**THE PROBLEM**:
Leave the pictures out and return every line below exactly.
--- DATA EXCERPTS ---
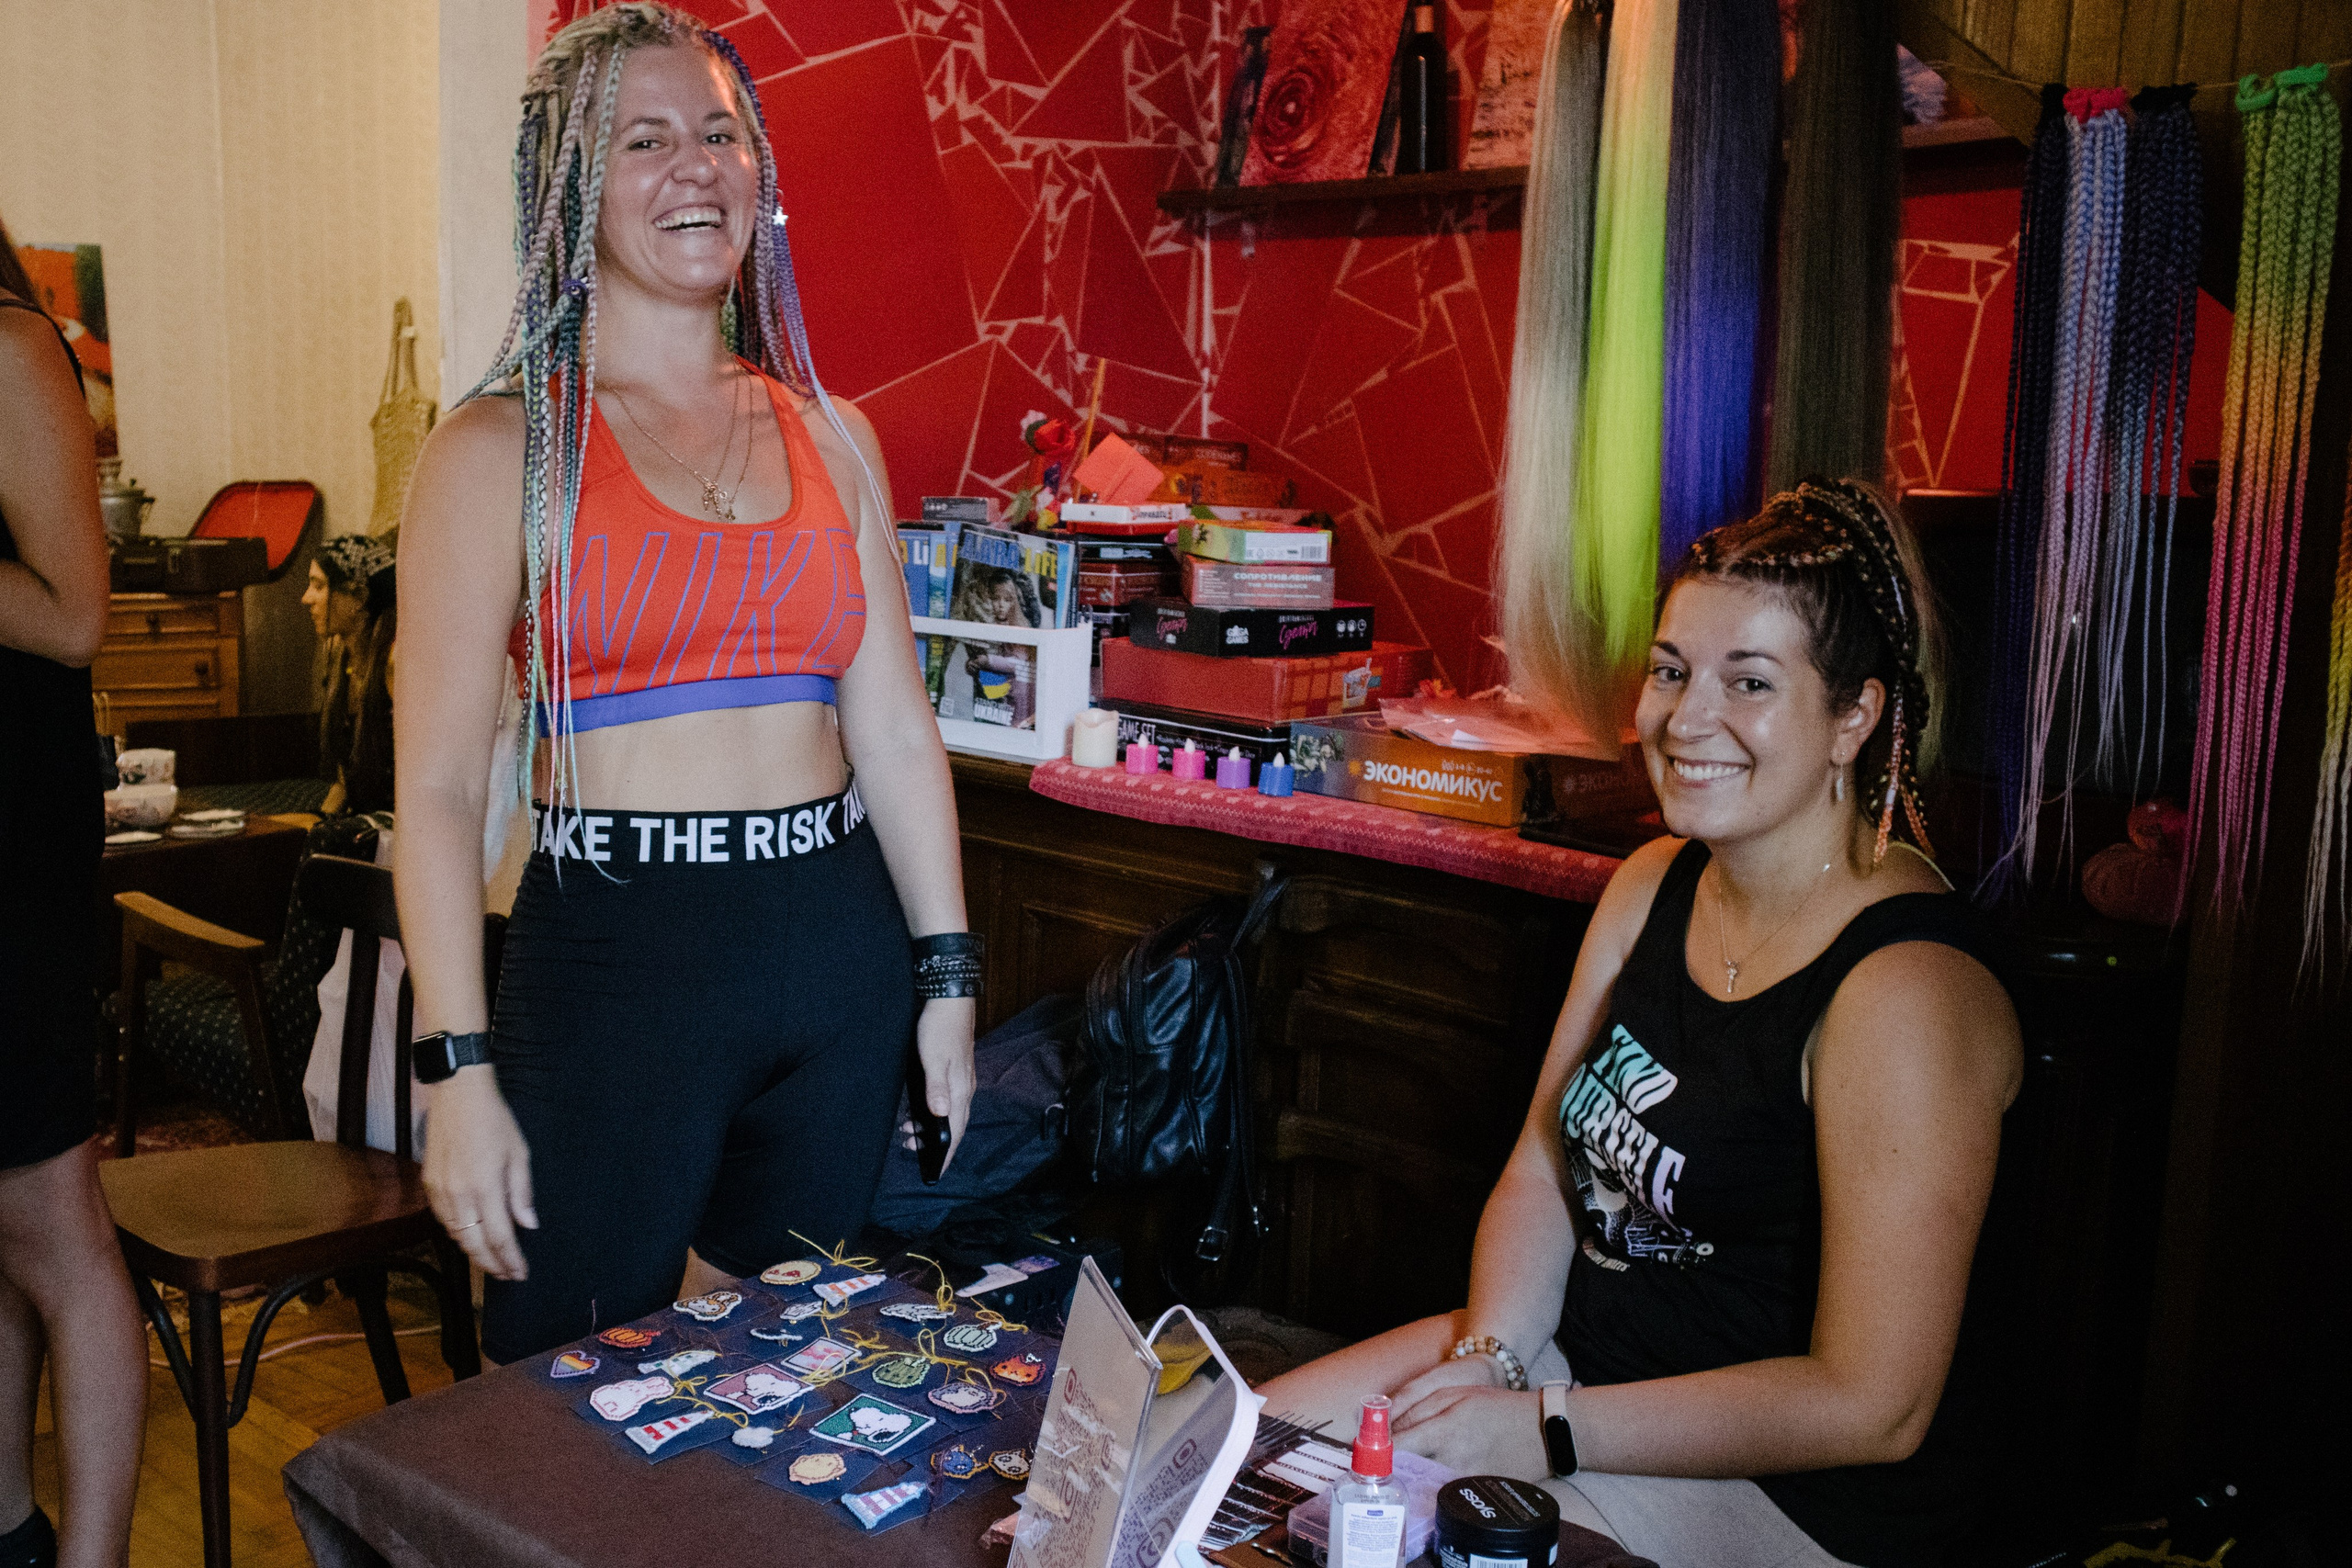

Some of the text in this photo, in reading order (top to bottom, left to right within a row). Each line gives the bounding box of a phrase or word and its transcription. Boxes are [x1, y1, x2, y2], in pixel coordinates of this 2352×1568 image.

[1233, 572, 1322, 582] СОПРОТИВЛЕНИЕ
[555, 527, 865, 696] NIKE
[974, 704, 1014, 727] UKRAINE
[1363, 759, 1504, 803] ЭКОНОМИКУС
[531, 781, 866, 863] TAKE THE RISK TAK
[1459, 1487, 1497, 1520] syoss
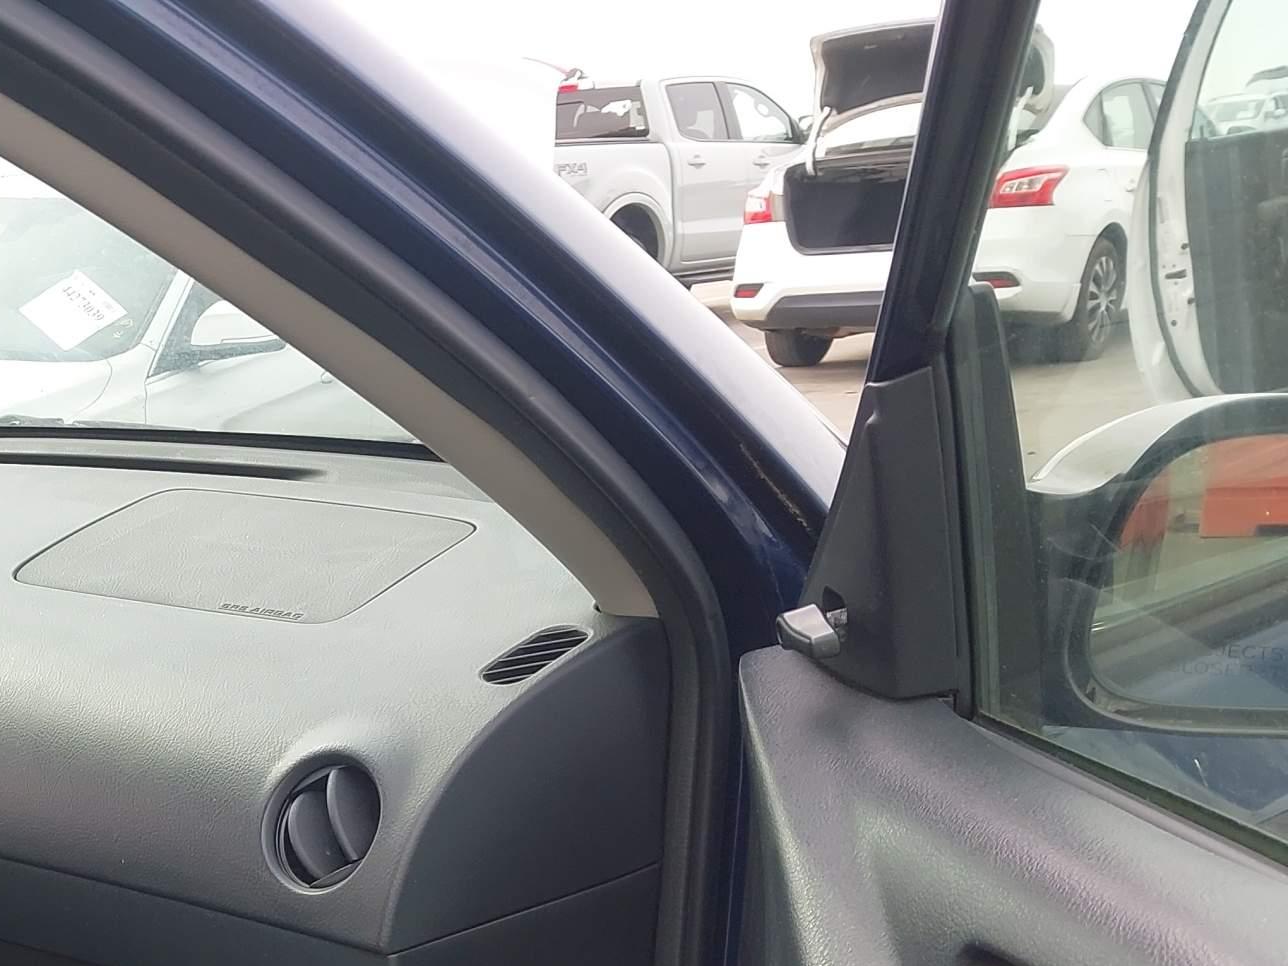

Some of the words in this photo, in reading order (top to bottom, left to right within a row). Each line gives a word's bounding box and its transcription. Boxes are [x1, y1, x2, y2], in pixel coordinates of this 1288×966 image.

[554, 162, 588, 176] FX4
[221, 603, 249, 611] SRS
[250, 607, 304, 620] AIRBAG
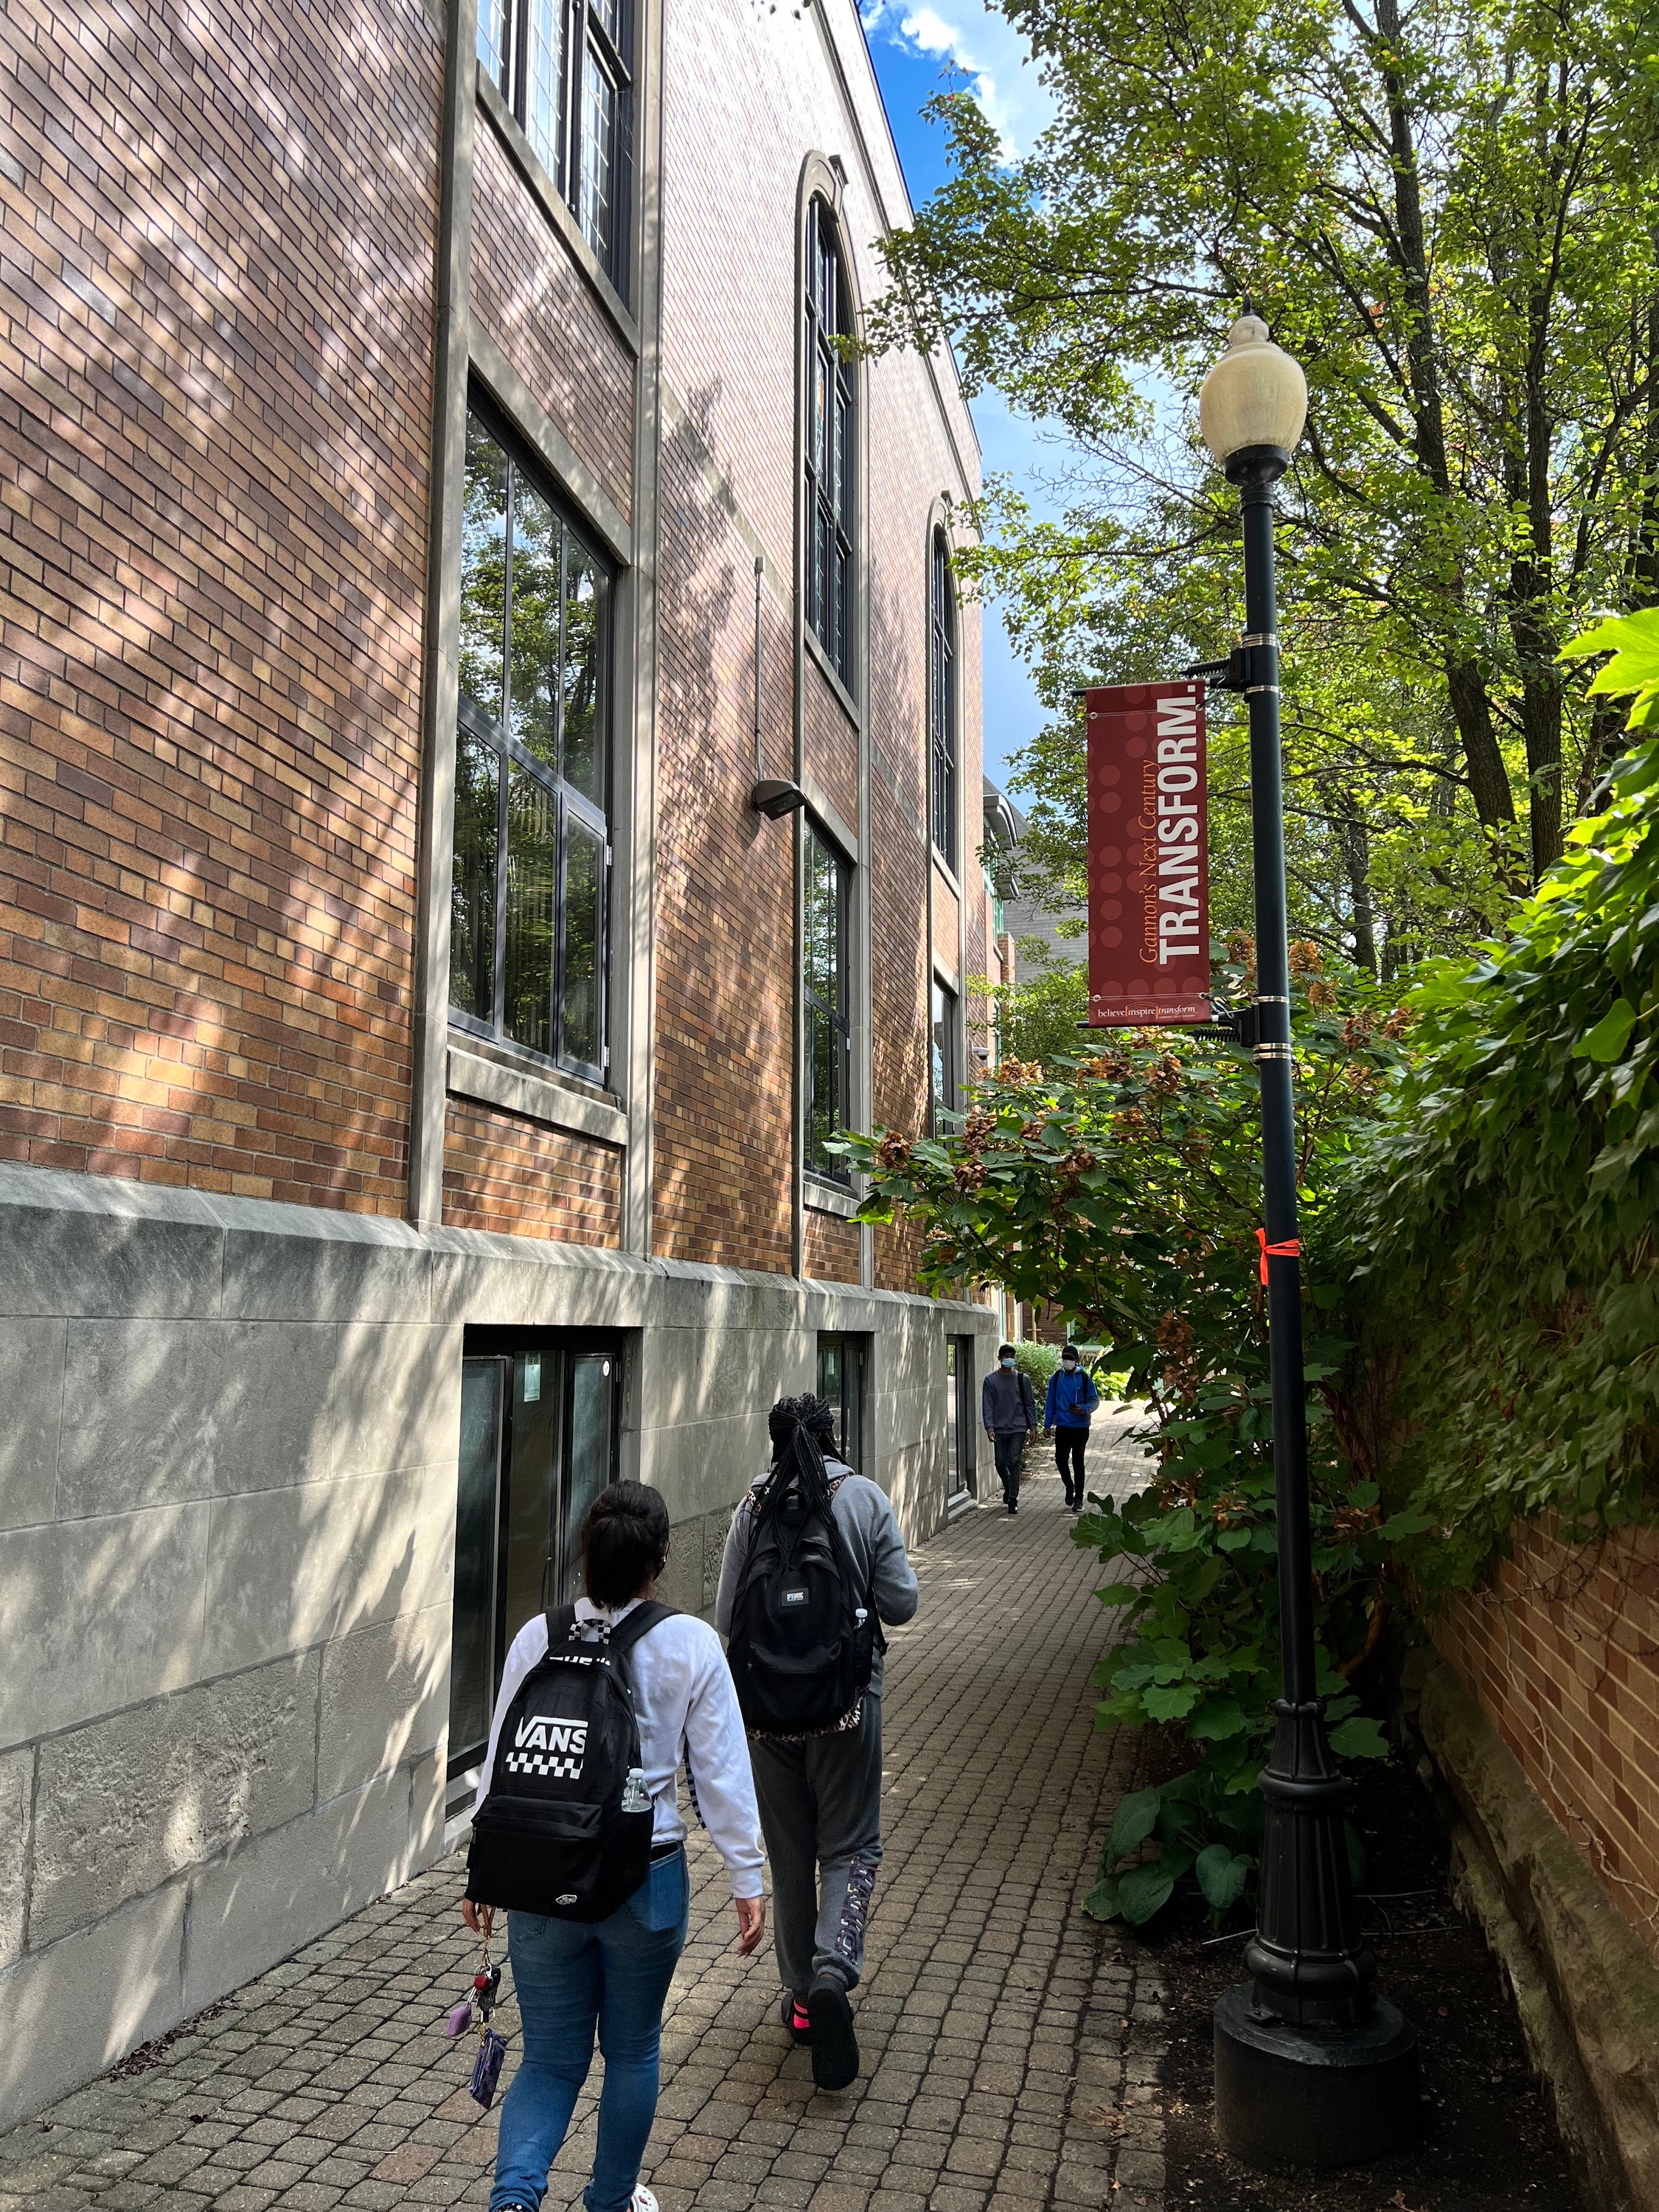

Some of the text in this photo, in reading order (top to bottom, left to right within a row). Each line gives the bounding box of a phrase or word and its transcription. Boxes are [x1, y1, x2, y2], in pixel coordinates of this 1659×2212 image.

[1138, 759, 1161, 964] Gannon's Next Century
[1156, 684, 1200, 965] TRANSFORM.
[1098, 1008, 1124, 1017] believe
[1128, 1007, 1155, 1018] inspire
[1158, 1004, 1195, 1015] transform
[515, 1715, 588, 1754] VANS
---
**SOLUTION TO THIS EXERCISE**:
Some of the text in this photo, in reading order (top to bottom, left to right within a row). Each line gives the bounding box of a phrase or word and its transcription. Boxes are [x1, y1, x2, y2], in pixel coordinates of this 2352×1568 image.

[1233, 572, 1322, 582] СОПРОТИВЛЕНИЕ
[555, 527, 865, 696] NIKE
[974, 704, 1014, 727] UKRAINE
[1363, 759, 1504, 803] ЭКОНОМИКУС
[531, 781, 866, 863] TAKE THE RISK TAK
[1459, 1487, 1497, 1520] syoss

Some of the words in this photo, in reading order (top to bottom, left to right within a row). Each line gives a word's bounding box and its transcription. Boxes are [x1, y1, x2, y2], in pixel coordinates of this 1288×966 image.

[554, 162, 588, 176] FX4
[221, 603, 249, 611] SRS
[250, 607, 304, 620] AIRBAG

Some of the text in this photo, in reading order (top to bottom, left to right within a row). Each line gives the bounding box of a phrase or word and its transcription. Boxes are [x1, y1, x2, y2], in pixel coordinates of this 1659×2212 image.

[1138, 759, 1161, 964] Gannon's Next Century
[1156, 684, 1200, 965] TRANSFORM.
[1098, 1008, 1124, 1017] believe
[1128, 1007, 1155, 1018] inspire
[1158, 1004, 1195, 1015] transform
[515, 1715, 588, 1754] VANS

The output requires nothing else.